[TASK BRIEF]: Copy exactly the lines from the one containing "this 1280×1781 image." through the last line of the records below, including both, and leave out any pictures.

== DATA SUPPLIED ==

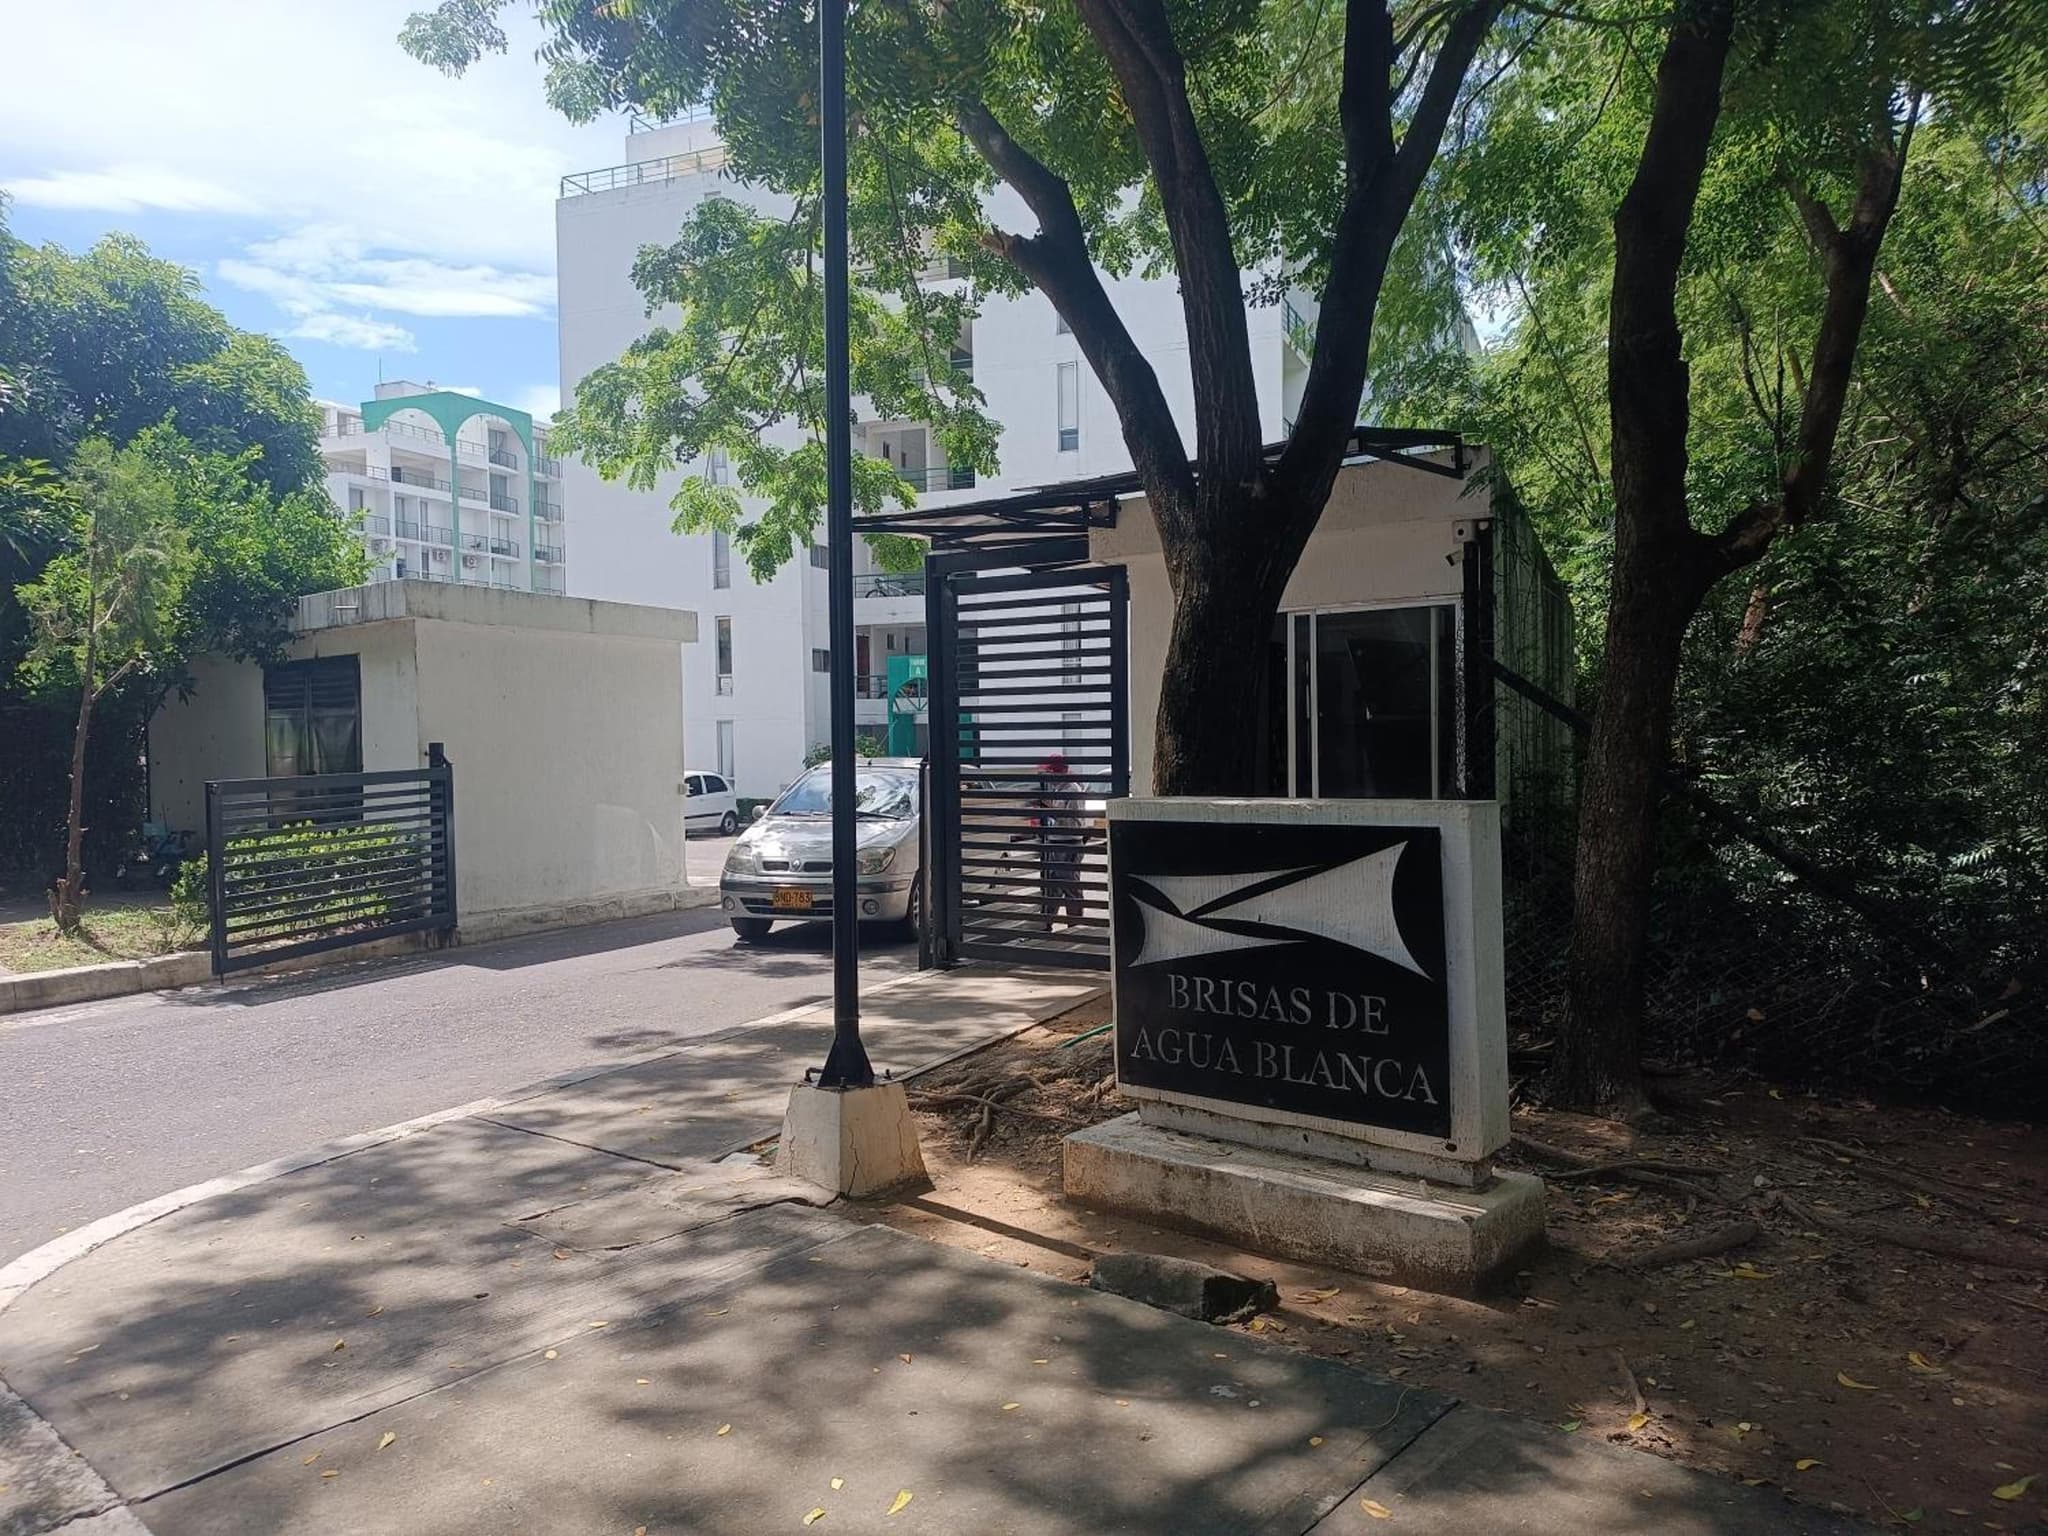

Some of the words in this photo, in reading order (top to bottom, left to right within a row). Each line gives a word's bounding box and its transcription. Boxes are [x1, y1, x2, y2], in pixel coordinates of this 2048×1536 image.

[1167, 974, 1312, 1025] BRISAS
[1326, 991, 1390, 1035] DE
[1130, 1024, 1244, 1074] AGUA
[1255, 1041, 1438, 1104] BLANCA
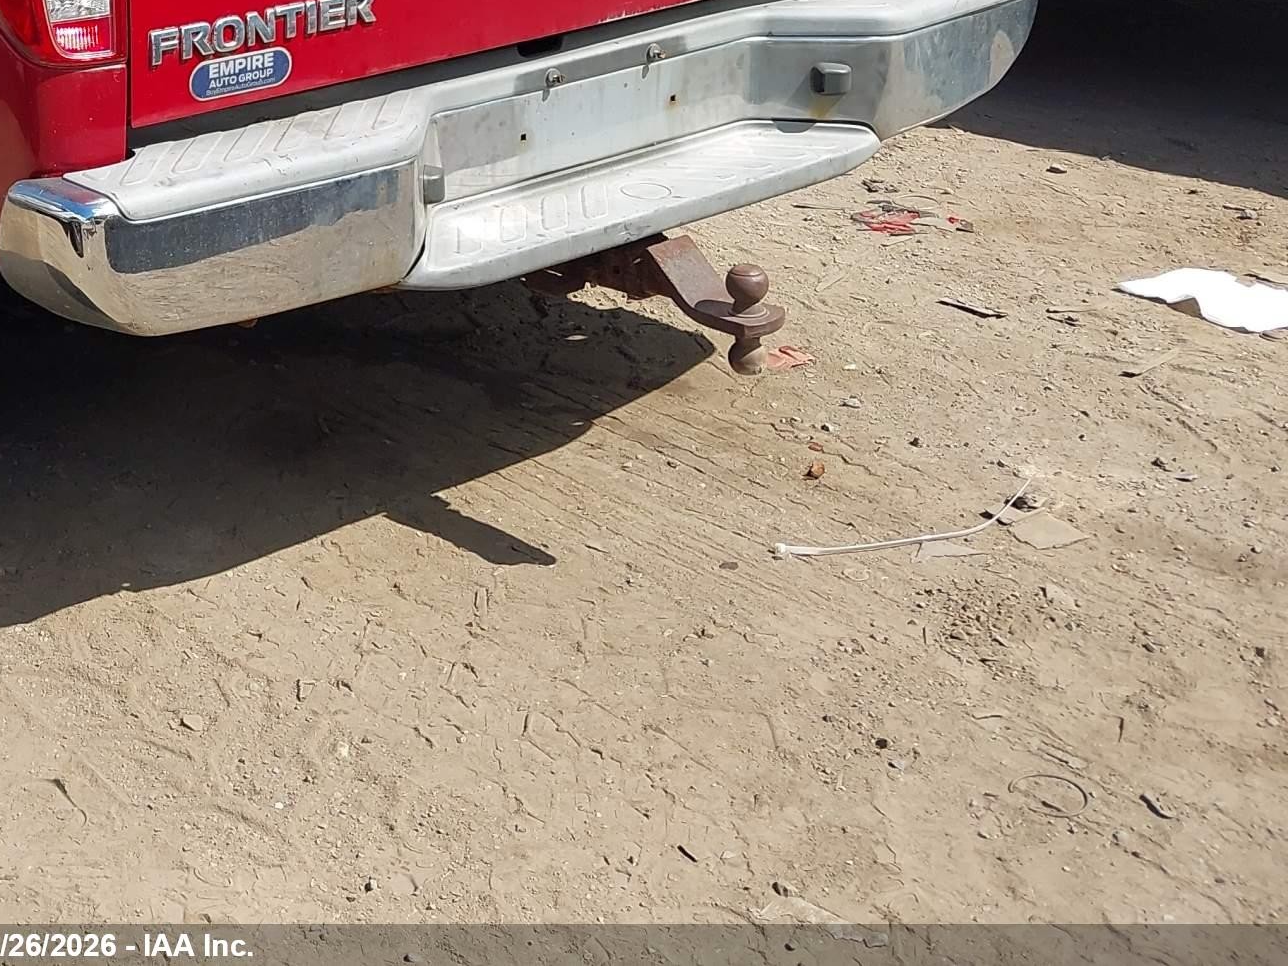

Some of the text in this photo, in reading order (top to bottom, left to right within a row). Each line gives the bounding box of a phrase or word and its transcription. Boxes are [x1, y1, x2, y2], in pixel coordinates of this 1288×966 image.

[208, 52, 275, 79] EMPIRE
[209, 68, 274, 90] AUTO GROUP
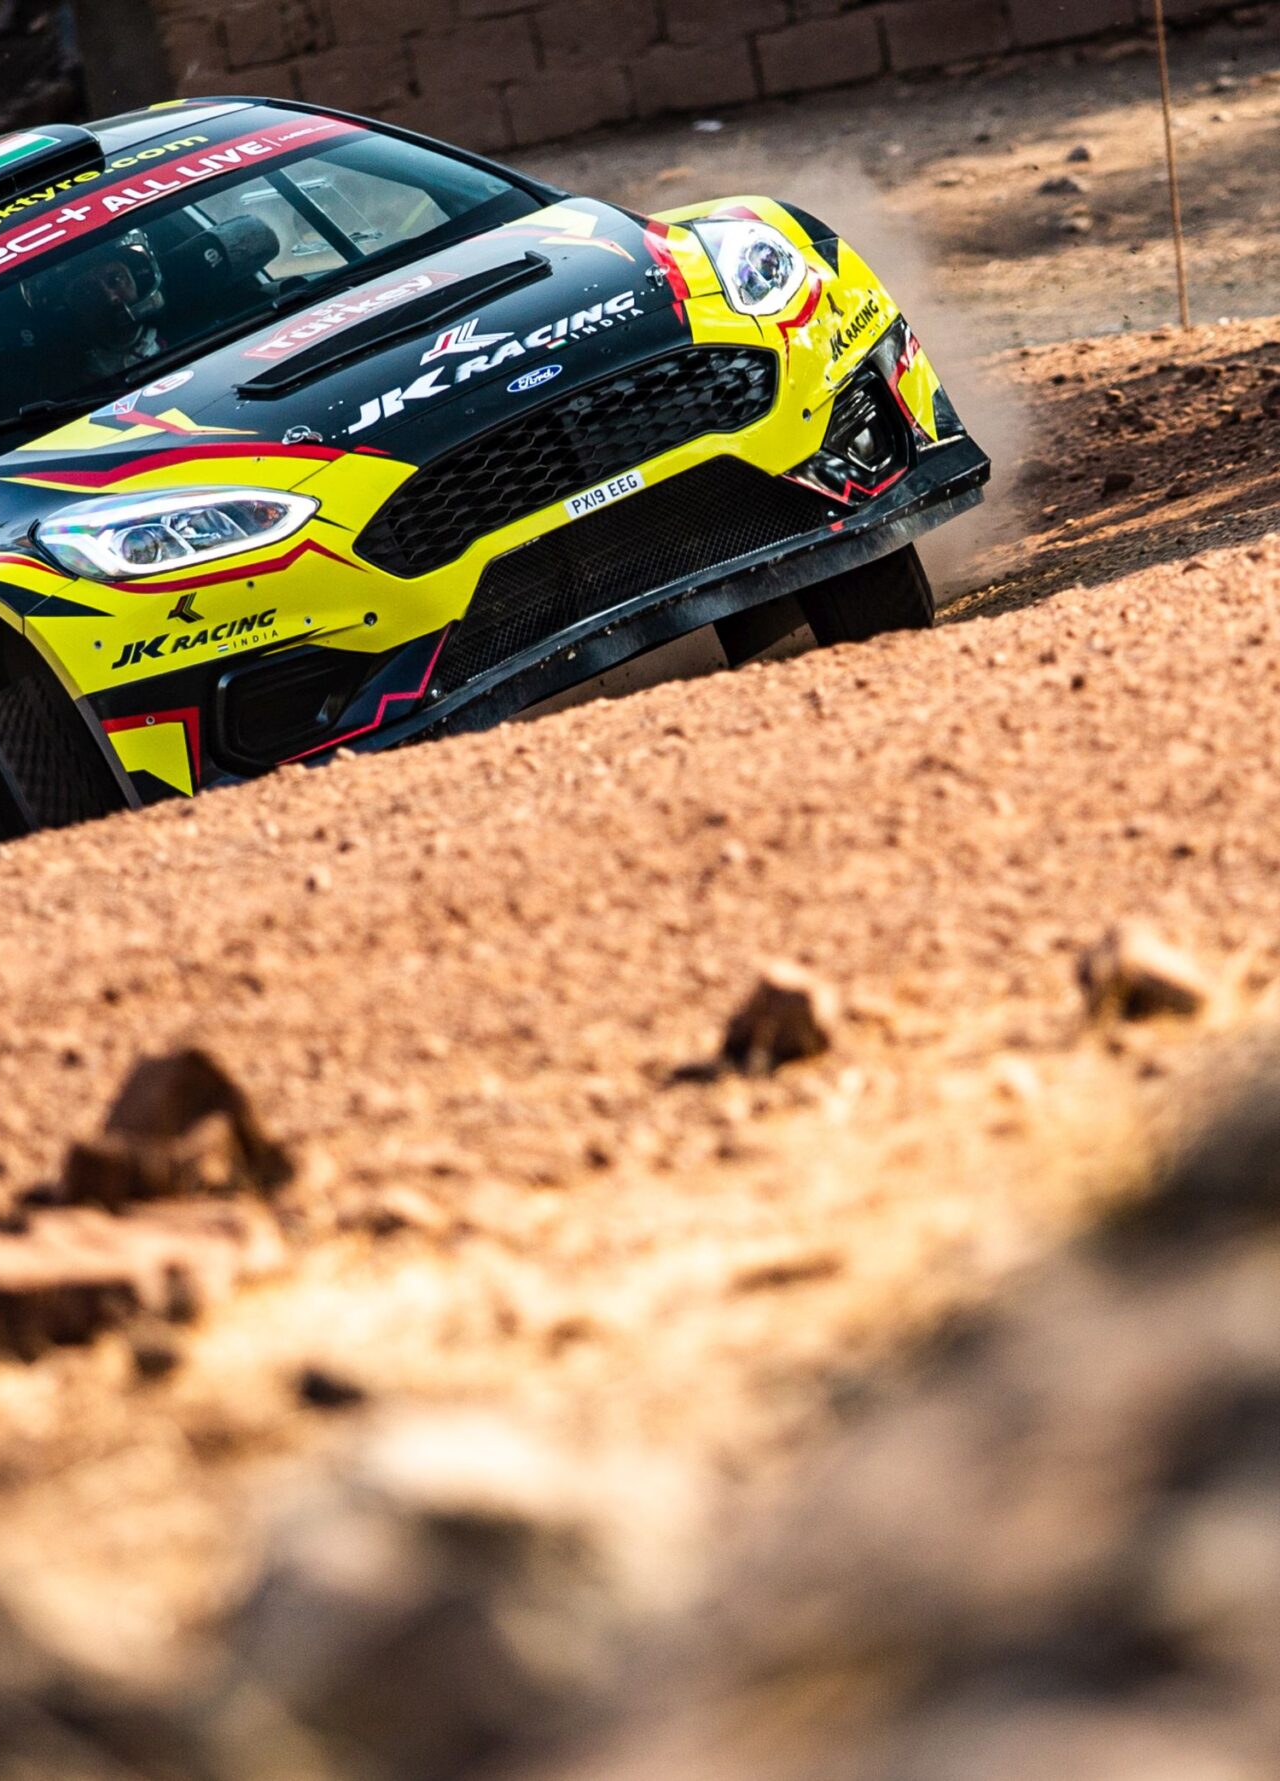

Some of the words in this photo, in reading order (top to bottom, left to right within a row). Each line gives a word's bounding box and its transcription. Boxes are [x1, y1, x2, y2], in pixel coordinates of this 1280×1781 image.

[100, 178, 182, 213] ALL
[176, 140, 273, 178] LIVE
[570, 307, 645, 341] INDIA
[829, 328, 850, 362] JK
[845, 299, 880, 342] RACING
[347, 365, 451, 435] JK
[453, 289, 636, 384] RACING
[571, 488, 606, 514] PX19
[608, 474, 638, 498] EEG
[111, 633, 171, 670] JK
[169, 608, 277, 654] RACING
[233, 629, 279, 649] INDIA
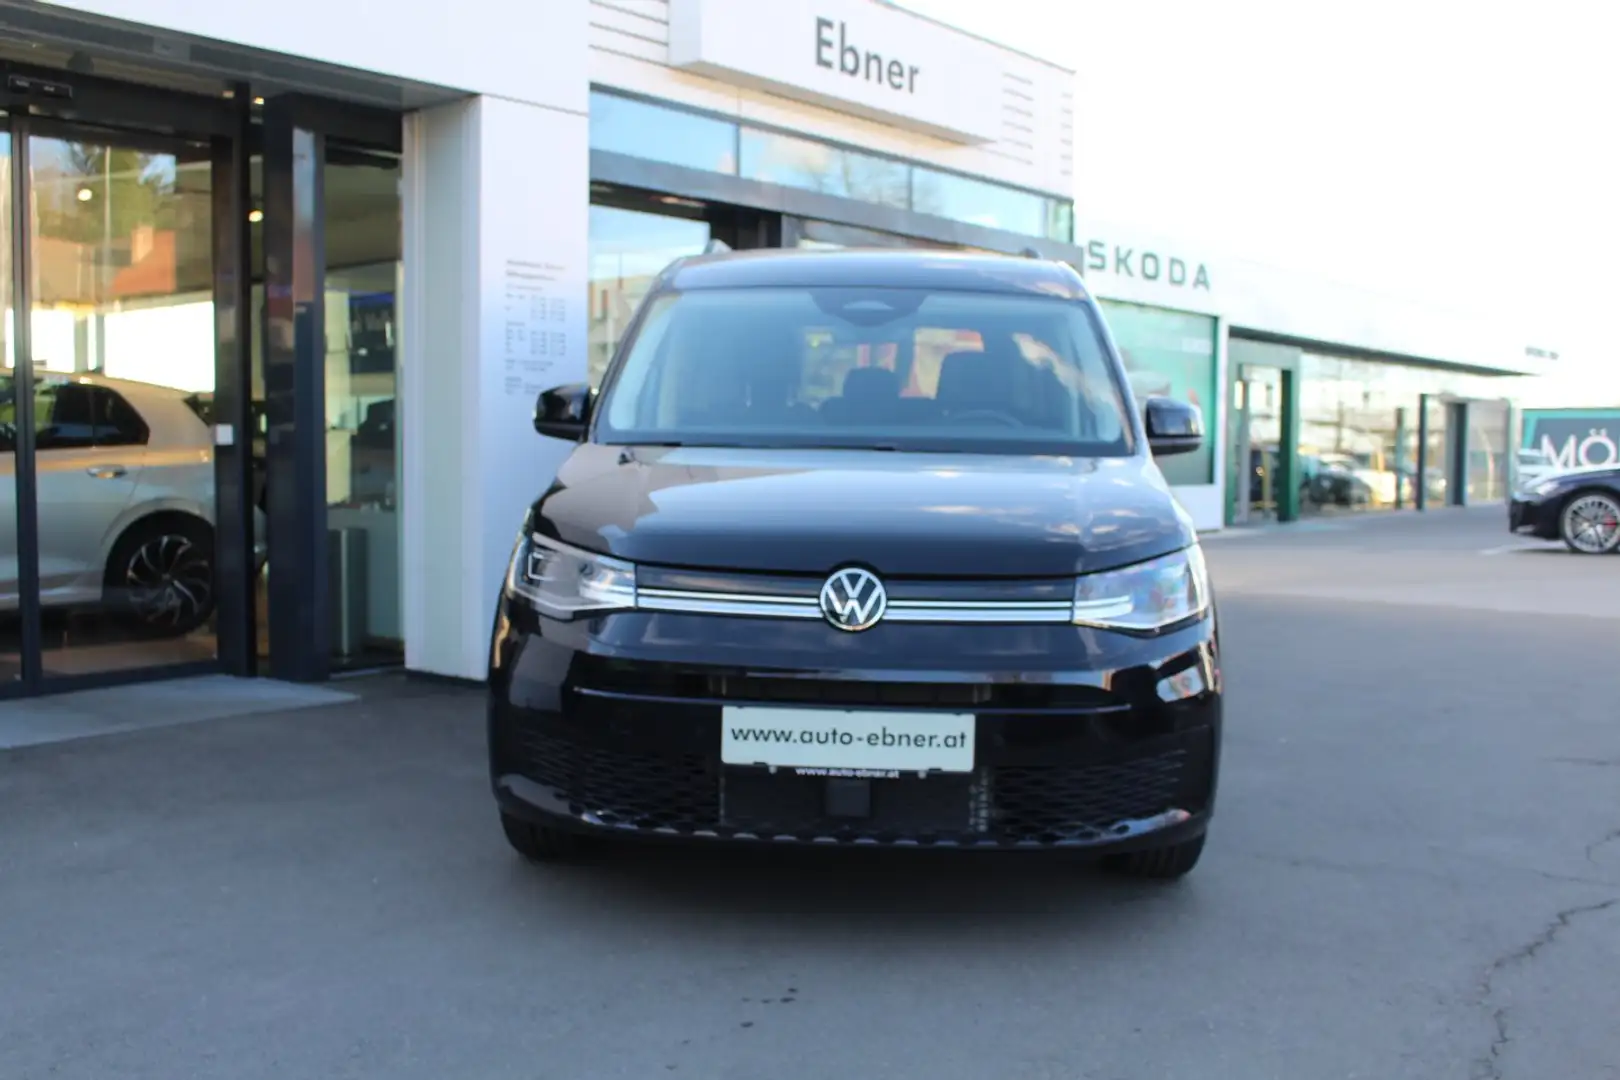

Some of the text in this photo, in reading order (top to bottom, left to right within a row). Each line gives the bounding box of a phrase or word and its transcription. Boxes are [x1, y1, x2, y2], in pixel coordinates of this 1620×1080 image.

===

[SOLVED PROBLEM]:
Some of the words in this photo, in reading order (top to bottom, left to right within a row). Each line gives a word's bounding box and its transcription. Boxes are [x1, y1, x2, y2], in pixel coordinates of this 1280×1781 image.

[100, 178, 182, 213] ALL
[176, 140, 273, 178] LIVE
[570, 307, 645, 341] INDIA
[829, 328, 850, 362] JK
[845, 299, 880, 342] RACING
[347, 365, 451, 435] JK
[453, 289, 636, 384] RACING
[571, 488, 606, 514] PX19
[608, 474, 638, 498] EEG
[111, 633, 171, 670] JK
[169, 608, 277, 654] RACING
[233, 629, 279, 649] INDIA

Some of the text in this photo, in reading order (top to bottom, left to right within a row). Each line gives the bounding box of a phrase or word and its transcription. Boxes are [x1, y1, x2, y2], in pixel coordinates of this 1620×1080 image.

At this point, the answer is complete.